==== RECORDS FOR PROCESSING ====
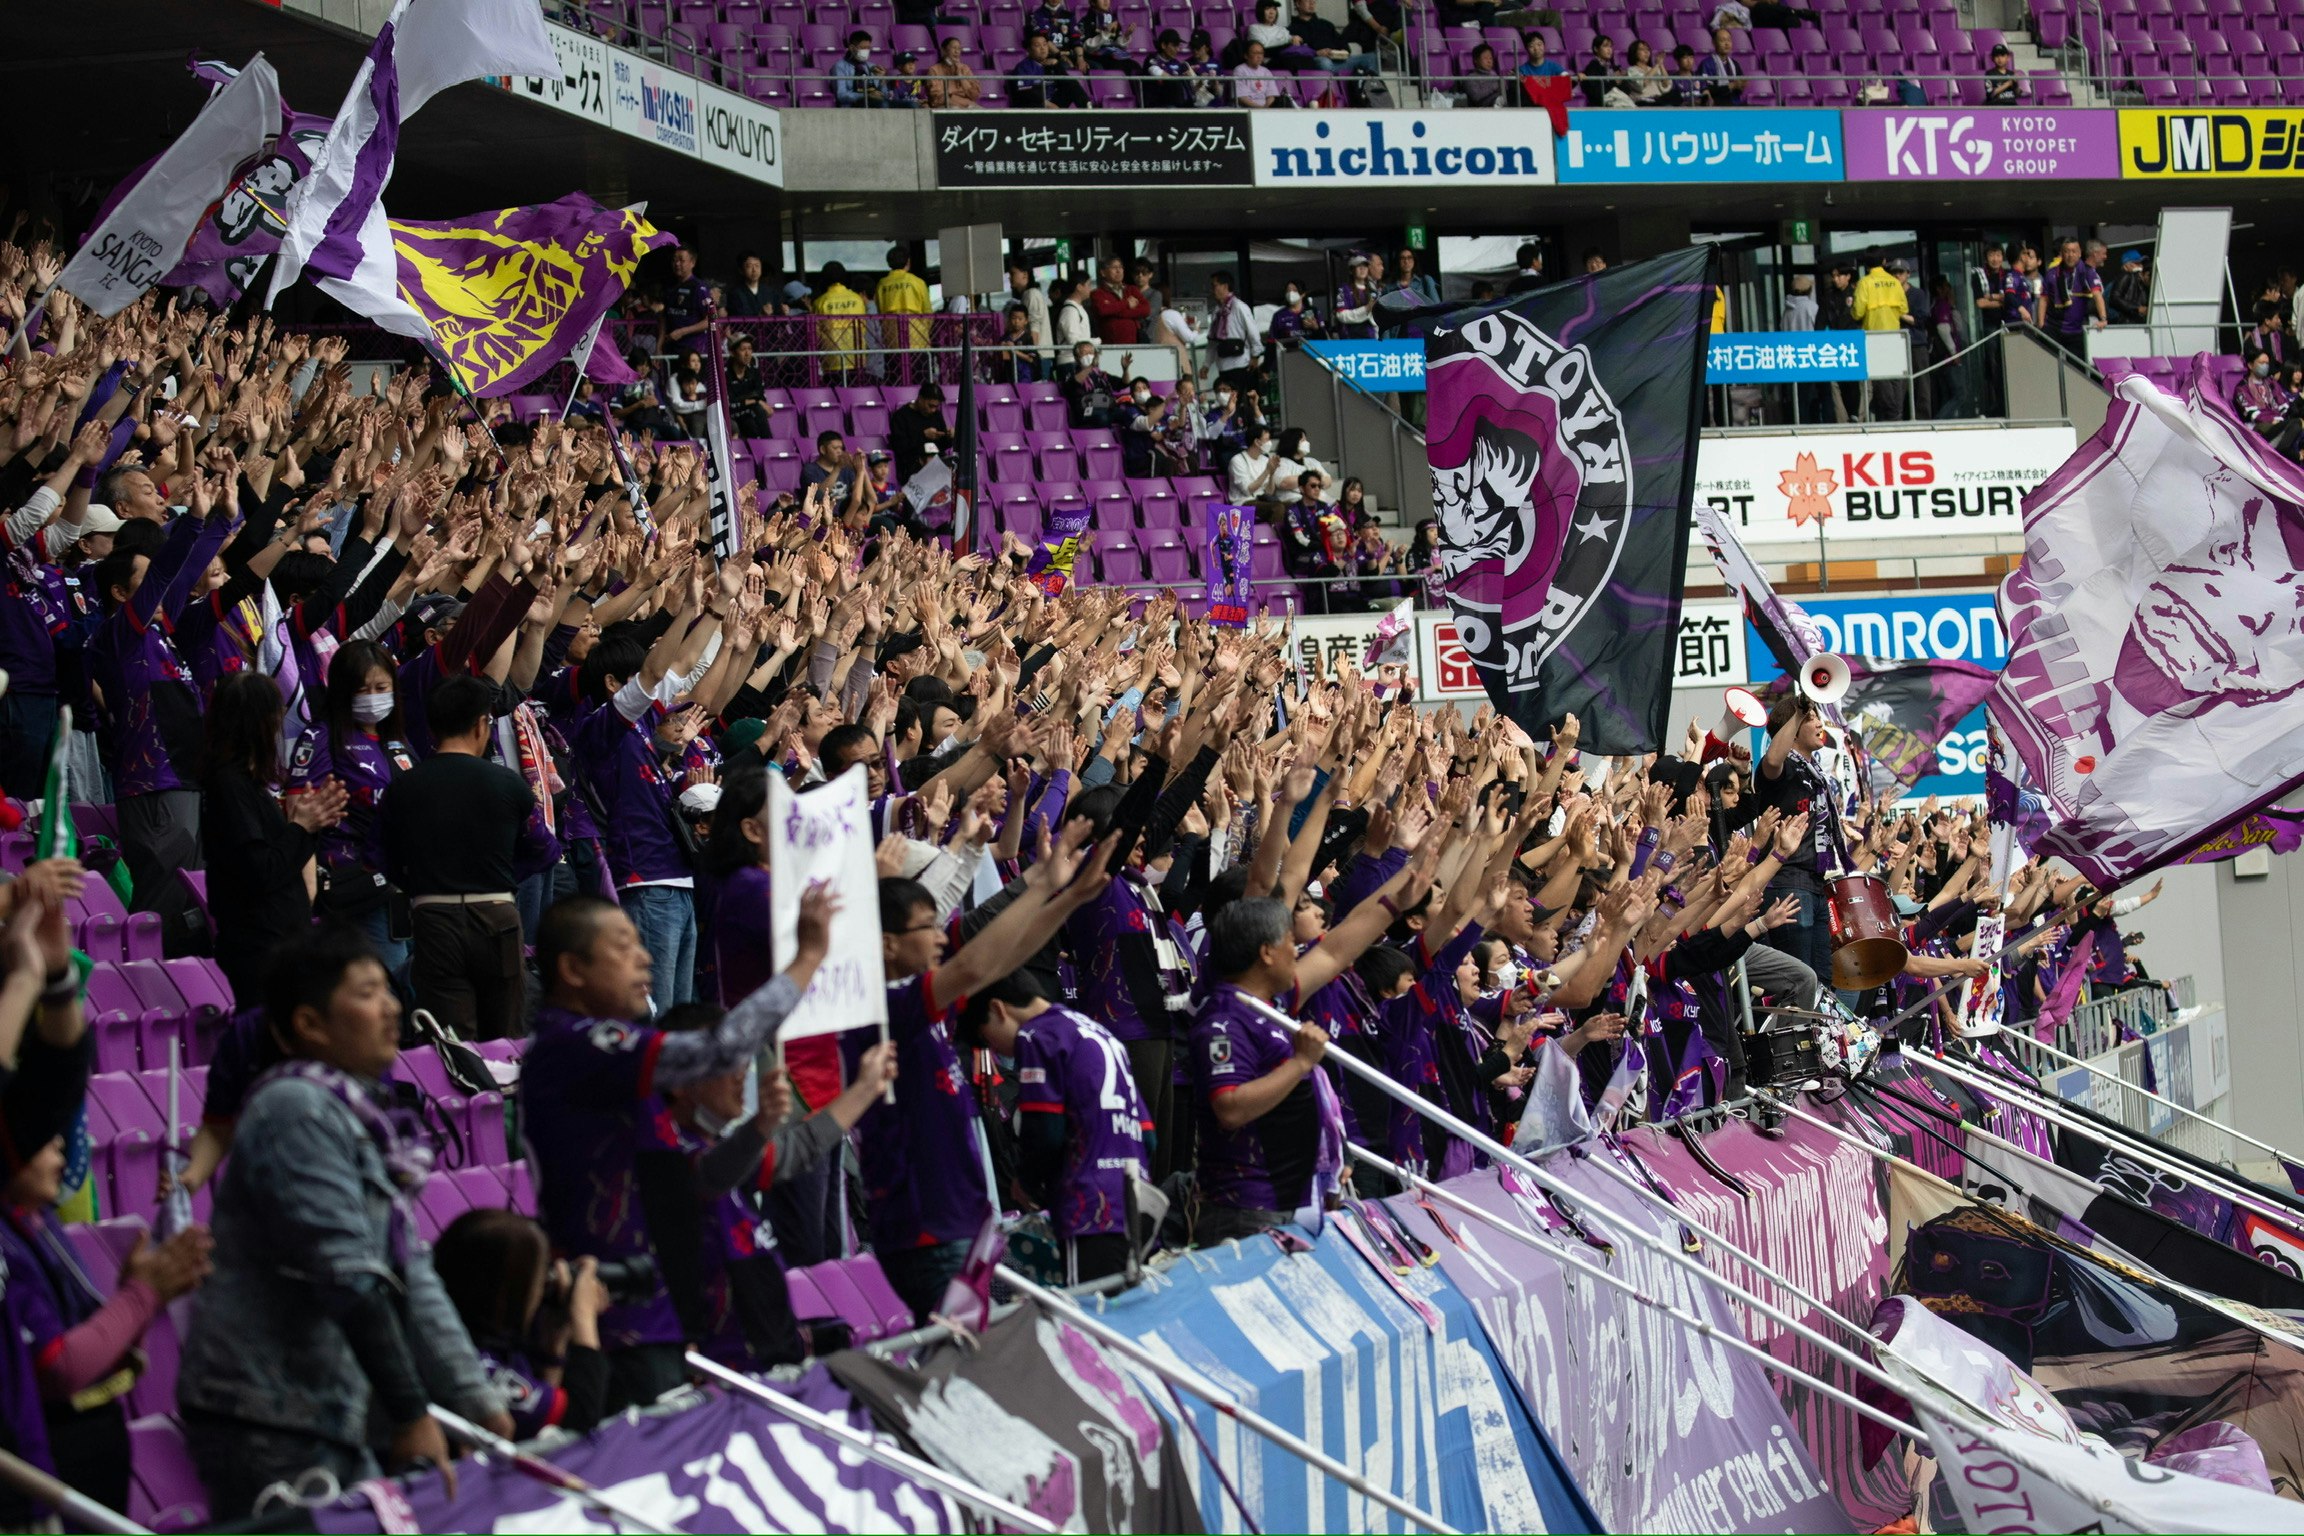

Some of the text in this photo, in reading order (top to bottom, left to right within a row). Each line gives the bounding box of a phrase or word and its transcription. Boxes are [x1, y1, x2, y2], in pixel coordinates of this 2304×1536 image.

[706, 103, 775, 166] KOKUYO
[2002, 116, 2057, 132] KYOTO
[656, 125, 695, 151] CORPORATION
[941, 125, 1246, 153] ダイワ・セキュリティー・システム
[1271, 120, 1538, 177] nichicon
[1642, 129, 1833, 166] ハウツーホーム
[1884, 115, 1993, 176] KTG
[2003, 137, 2078, 153] TOYOPET
[2133, 115, 2254, 172] JMD
[2004, 159, 2058, 175] GROUP
[129, 230, 163, 257] KYOTO
[91, 233, 163, 289] SANGA
[882, 282, 912, 293] STAFF
[827, 300, 857, 311] STAFF
[1842, 450, 1935, 487] KIS
[1953, 468, 2048, 483] ケイアイエス物流株式会社
[1788, 481, 1829, 497] KIS
====
# AIM OF THE TASK:
Omit each image and transcribe the remaining records word for word.

# OUTPUT FOR THIS TASK:
Some of the text in this photo, in reading order (top to bottom, left to right within a row). Each line gives the bounding box of a phrase or word and its transcription. Boxes are [x1, y1, x2, y2], in pixel coordinates of this 2304×1536 image.

[706, 103, 775, 166] KOKUYO
[2002, 116, 2057, 132] KYOTO
[656, 125, 695, 151] CORPORATION
[941, 125, 1246, 153] ダイワ・セキュリティー・システム
[1271, 120, 1538, 177] nichicon
[1642, 129, 1833, 166] ハウツーホーム
[1884, 115, 1993, 176] KTG
[2003, 137, 2078, 153] TOYOPET
[2133, 115, 2254, 172] JMD
[2004, 159, 2058, 175] GROUP
[129, 230, 163, 257] KYOTO
[91, 233, 163, 289] SANGA
[882, 282, 912, 293] STAFF
[827, 300, 857, 311] STAFF
[1842, 450, 1935, 487] KIS
[1953, 468, 2048, 483] ケイアイエス物流株式会社
[1788, 481, 1829, 497] KIS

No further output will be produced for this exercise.